Okay, guys, got Travis here today. We're going to talk AI, one of the pioneers in space. Thanks for hopping on today. Absolutely. Great to be here, Sean. Yeah, the space is evolving so fast. Does it concern you at all?
Yeah, it concerns me for a number of reasons, but probably not the same reasons other people think. I think there's a lot of things happening quickly and a lot of people trying to make sense of it quickly, even though there's not a lot of understanding of how it actually works. And so there's a lot of uncertainty that can lead to confusion.

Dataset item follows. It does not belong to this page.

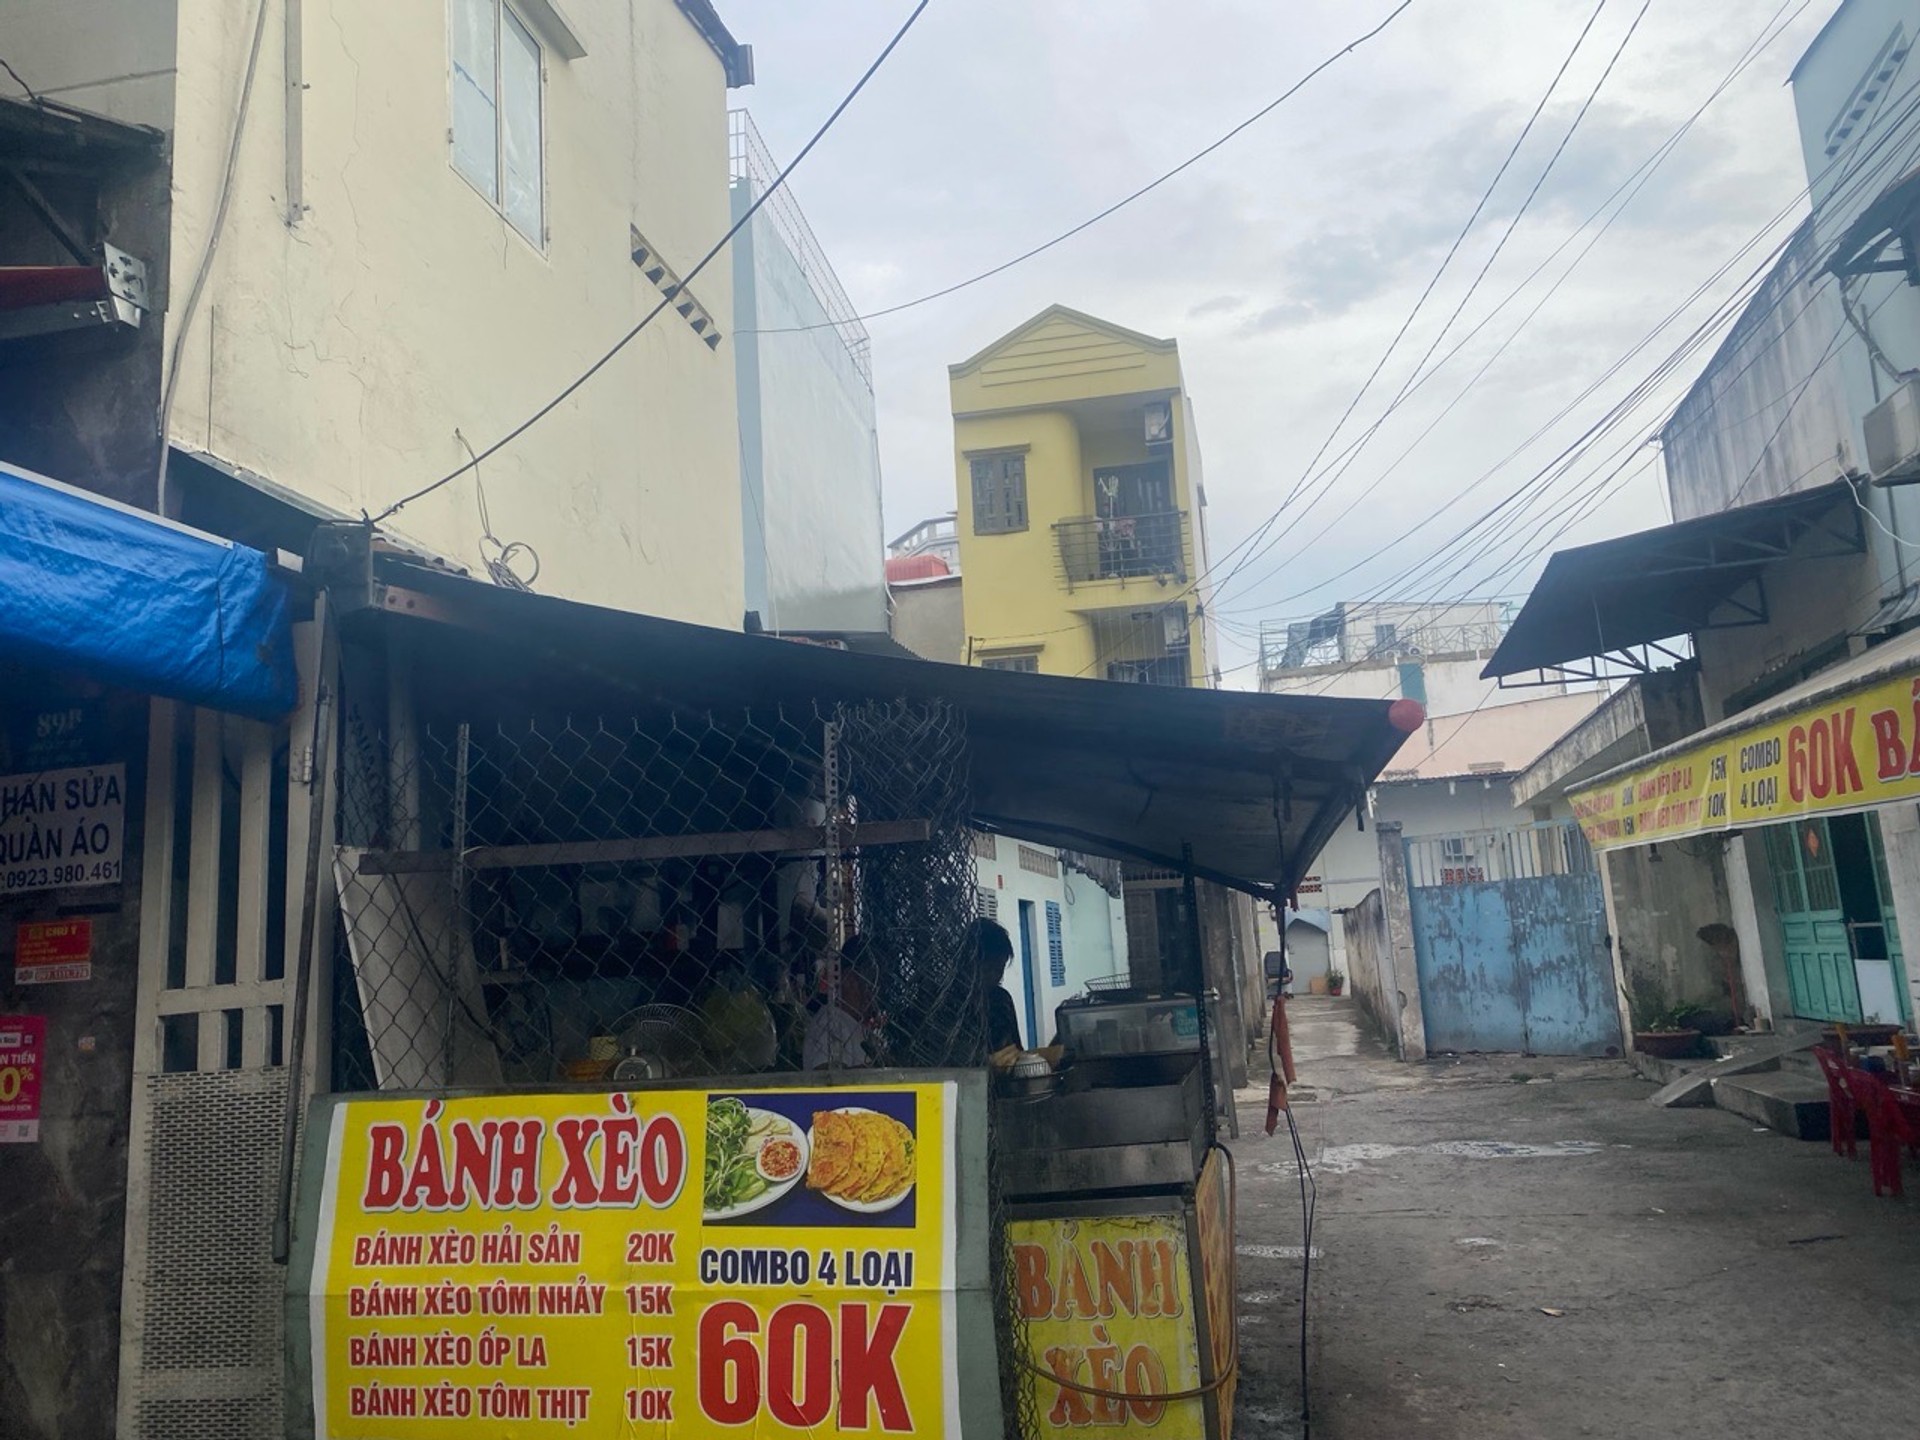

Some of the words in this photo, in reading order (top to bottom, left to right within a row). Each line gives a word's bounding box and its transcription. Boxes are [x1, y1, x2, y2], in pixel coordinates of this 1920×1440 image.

so that that probably concerns me more than anything is just that um uncertainty leading to rapid action and not thoughtful action yeah what are the biggest concerns and red flags you're seeing right now so um kind of overreaction by governments is one that concerns me you know people trying to pass laws make regulations where they don't really understand what the implications of those are so kind of ended up with rules and patterns that don't really fit
what, what emerges.
Yeah.
So that concerns me. I think the other thing that concerns me is, uh, a lot of closed source companies just trying to own the space, you know, a whole lot of kind of, um, realist, like a land grab, you know, oh, here's this AI space. Let's grab all the attention.
Uh, whereas I'm a really big proponent of people, uh, learning from AI and making it part of their toolbox, you know, ultimately letting us become better agents for ourselves by having AI as a tool that we all can use. So there's kind of this land grab going on where a lot of information flow is happening to a few companies. So that concerns me too.
I want to see AI knowledge diffuse and disperse and have lots of people use it effectively. Um, but you know, there's a lot of money sort of advertising, promoting, uh, you know, it's, it's amazing how quickly people can be informed by, uh, narratives. Right. We're sort of driven by narratives. We, we, we seek out narratives and worldviews and way to think.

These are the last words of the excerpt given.